Les deux cartes ci-dessous présentent l’offre des ressources numériques onéreuses (sous droit) proposée par les bibliothèques municipales (BM) et départementales (BD) en 2023. Les BM moyennes et grandes, les réseaux de BM, achètent et proposent des ressources directement ; les petites BM proposent généralement des ressources acquises par la BD de leur territoire. Les noms des fournisseurs figurent dans la légende à droite. On voit notamment que les offres sont inégalement réparties sur le territoire pour les bibliothèques des villes de plus de 10 000 habitants, mais proposées par un grand nombre de bibliothèques départementales.

Carte 1. Vidéo à la demande, offre des bibliothèques municipales

Carte 2. Vidéo à la demande, offre des bibliothèques départementales
Sources : enquête d’activité des bibliothèques de lecture publique 2024
Cartes interactives : http://terravisu.hatt.fr/view/numerique-rel
Aujourd’hui, toutes les réponses sont loin d’être trouvées mais les offres de contenus se sont beaucoup développées ; plus ou moins onéreuses, souvent encore trop chères au regard des moyens des établissements malgré le travail de négociations en réseau, elles constituent des compléments ou des substituts de grande qualité aux supports physiques, tant dans les bibliothèques de lecture publique (fédérées autour de la mission nationale « Ressources numériques » de la Bibliothèque publique d’information, Bpi) que dans les bibliothèques universitaires (bénéficiant de l’initiative de Canal-U).
Surtout, les actions de valorisation et de médiation se diversifient (comme l’illustrent les actions de bibliothèques départementales présentées ici) et permettent de toucher encore plus largement toutes les catégories de publics. Le Mois du film documentaire (porté par Images en bibliothèques) demeure une manifestation culturelle nationale essentielle pour faire découvrir les films documentaires de création, peu diffusés en dehors des festivals.

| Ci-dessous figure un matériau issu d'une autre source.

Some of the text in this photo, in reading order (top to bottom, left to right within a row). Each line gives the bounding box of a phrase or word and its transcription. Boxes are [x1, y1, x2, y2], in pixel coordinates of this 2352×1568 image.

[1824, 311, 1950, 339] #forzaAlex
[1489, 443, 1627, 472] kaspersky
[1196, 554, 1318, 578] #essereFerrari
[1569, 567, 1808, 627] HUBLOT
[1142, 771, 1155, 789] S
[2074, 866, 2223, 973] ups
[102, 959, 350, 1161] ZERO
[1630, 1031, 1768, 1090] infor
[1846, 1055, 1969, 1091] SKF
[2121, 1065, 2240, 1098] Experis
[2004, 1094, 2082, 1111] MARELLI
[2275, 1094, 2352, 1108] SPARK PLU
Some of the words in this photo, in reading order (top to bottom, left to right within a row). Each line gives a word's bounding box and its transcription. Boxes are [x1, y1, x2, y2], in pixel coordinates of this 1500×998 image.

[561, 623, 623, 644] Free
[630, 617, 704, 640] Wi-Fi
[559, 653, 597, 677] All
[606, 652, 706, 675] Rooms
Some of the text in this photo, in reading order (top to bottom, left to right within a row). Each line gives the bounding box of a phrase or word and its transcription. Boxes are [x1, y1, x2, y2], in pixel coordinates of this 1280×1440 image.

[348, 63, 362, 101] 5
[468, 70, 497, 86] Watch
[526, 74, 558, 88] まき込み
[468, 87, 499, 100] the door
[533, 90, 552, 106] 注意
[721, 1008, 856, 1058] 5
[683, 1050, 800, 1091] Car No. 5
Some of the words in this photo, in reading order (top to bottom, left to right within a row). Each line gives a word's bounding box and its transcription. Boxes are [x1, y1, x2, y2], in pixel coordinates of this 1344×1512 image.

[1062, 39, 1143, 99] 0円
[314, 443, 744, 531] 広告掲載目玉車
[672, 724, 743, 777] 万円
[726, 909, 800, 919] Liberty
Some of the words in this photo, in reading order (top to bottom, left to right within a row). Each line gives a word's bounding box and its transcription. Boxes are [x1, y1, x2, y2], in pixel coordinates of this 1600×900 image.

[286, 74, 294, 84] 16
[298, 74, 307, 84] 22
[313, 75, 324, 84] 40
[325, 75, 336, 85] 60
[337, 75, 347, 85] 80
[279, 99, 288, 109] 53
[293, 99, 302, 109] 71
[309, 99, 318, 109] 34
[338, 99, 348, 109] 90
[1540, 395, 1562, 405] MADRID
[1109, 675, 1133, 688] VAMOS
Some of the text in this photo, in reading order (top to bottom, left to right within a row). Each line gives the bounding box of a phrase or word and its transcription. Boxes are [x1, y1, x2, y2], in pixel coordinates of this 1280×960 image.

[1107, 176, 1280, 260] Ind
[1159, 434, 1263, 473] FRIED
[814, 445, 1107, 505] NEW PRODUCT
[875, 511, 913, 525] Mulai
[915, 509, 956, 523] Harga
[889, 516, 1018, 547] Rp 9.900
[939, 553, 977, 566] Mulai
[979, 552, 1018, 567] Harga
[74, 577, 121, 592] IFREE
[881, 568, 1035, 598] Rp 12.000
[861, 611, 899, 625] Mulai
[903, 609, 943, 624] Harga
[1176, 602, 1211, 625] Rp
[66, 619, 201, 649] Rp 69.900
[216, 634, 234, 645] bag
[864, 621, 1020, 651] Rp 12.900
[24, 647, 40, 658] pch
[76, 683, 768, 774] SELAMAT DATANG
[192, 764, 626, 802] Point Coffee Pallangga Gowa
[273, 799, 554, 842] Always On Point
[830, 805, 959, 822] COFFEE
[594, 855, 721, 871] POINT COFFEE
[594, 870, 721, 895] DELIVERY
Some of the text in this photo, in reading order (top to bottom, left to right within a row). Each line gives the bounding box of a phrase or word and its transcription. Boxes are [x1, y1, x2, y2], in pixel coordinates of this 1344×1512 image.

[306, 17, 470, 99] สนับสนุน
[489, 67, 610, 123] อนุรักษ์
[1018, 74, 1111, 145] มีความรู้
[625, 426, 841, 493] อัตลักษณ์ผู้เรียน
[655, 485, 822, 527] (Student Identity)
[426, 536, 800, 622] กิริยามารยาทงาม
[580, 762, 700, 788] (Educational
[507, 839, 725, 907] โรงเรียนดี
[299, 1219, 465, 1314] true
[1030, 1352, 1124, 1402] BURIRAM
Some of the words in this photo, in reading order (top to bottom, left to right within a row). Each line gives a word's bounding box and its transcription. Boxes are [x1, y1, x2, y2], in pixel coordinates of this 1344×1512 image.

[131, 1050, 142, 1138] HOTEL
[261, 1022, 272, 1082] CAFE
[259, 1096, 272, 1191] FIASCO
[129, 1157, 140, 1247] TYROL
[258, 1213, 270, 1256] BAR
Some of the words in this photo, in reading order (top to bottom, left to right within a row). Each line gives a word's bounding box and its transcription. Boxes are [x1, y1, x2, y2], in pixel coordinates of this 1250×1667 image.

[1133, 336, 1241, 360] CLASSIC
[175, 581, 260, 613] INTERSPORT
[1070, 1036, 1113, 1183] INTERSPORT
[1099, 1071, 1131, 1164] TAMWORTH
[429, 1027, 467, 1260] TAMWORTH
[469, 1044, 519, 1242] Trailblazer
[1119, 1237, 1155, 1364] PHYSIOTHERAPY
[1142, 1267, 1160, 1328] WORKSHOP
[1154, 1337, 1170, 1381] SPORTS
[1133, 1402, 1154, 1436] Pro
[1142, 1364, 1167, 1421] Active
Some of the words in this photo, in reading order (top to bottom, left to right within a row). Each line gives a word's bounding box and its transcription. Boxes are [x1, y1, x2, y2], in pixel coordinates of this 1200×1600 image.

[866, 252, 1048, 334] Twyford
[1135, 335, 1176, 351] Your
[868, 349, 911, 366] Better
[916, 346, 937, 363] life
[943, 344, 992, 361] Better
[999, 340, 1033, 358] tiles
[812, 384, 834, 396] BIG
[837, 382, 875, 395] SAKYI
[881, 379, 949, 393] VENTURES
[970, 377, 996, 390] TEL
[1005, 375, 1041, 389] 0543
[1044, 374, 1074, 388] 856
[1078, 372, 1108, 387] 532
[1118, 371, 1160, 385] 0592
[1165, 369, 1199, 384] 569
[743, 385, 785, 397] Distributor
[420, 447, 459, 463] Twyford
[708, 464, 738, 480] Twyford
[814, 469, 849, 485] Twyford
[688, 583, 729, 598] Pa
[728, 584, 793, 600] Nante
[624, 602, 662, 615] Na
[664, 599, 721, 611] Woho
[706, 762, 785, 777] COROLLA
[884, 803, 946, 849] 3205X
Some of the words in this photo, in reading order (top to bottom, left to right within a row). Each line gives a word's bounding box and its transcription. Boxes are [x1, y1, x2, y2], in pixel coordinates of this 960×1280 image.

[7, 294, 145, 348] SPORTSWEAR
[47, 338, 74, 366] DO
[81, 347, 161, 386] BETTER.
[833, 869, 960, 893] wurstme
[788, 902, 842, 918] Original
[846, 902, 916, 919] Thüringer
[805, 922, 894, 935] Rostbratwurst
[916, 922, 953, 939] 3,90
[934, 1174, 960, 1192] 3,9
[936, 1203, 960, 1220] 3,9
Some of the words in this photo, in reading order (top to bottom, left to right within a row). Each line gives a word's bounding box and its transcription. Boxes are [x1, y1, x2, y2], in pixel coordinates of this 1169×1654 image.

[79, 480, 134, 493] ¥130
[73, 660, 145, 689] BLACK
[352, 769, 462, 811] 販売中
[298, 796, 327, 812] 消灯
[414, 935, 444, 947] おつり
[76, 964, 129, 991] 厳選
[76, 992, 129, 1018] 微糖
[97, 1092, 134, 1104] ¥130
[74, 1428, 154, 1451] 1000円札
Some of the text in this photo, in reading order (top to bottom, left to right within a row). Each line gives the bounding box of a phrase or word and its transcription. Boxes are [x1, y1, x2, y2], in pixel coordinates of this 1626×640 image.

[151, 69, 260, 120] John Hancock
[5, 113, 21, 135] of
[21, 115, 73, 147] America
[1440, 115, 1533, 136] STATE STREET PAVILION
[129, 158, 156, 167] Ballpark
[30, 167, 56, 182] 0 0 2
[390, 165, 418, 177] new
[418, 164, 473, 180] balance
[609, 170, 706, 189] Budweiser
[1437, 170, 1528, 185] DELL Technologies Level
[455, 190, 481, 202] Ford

Les jeux vidéo, pratique culturelle devenue incontournable, sont fréquemment proposés depuis plus d’une dizaine d’années dans les médiathèques, avec un succès certain auprès des publics jeunes et moins jeunes, mais non sans certaines difficultés évoquées dans ce dossier.
La patrimonialisation de collections audiovisuelles spécialisées a pris également de l’ampleur, ce qui implique un travail important sur le signalement et la conservation (préservation des supports et numérisation). Quant au dépôt légal, il porte désormais sur les productions nativement dématérialisées, grâce au portail DELIA conçu par la Bibliothèque nationale de France (BnF) en association avec le Centre national du cinéma et de l’image animée (CNC). Le parcours du dépôt légal audiovisuel depuis la seconde moitié du XXe siècle n’a pas été sans embûches : l’épisode 2 qui nous est relaté par Laurent Garreau, empli de personnages tenaces auxquels nous devons tant, n’est pas loin du récit romanesque ! Il est donc heureux que le dépôt légal puisse aborder plus sereinement cette nouvelle phase.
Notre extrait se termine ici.